• [TASK TO COMPLETE]: Every entry should be transcribed word for word, so that nothing is missing.

• [TASK INPUT]:
[Start of section]

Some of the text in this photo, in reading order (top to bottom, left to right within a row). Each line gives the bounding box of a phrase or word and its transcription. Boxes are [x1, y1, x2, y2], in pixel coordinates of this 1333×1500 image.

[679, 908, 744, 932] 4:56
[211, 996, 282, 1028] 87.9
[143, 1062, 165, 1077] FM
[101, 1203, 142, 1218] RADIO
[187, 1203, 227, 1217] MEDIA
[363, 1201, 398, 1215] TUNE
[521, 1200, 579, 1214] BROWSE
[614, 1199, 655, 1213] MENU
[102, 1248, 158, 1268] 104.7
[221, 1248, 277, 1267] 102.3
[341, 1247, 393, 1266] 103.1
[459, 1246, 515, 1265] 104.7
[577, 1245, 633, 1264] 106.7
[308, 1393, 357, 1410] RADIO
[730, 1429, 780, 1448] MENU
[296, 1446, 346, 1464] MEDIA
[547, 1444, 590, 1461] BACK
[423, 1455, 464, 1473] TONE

[End of section]

• [YOUR SOLUTION]:
Some of the text in this photo, in reading order (top to bottom, left to right within a row). Each line gives the bounding box of a phrase or word and its transcription. Boxes are [x1, y1, x2, y2], in pixel coordinates of this 1333×1500 image.

[679, 908, 744, 932] 4:56
[211, 996, 282, 1028] 87.9
[143, 1062, 165, 1077] FM
[101, 1203, 142, 1218] RADIO
[187, 1203, 227, 1217] MEDIA
[363, 1201, 398, 1215] TUNE
[521, 1200, 579, 1214] BROWSE
[614, 1199, 655, 1213] MENU
[102, 1248, 158, 1268] 104.7
[221, 1248, 277, 1267] 102.3
[341, 1247, 393, 1266] 103.1
[459, 1246, 515, 1265] 104.7
[577, 1245, 633, 1264] 106.7
[308, 1393, 357, 1410] RADIO
[730, 1429, 780, 1448] MENU
[296, 1446, 346, 1464] MEDIA
[547, 1444, 590, 1461] BACK
[423, 1455, 464, 1473] TONE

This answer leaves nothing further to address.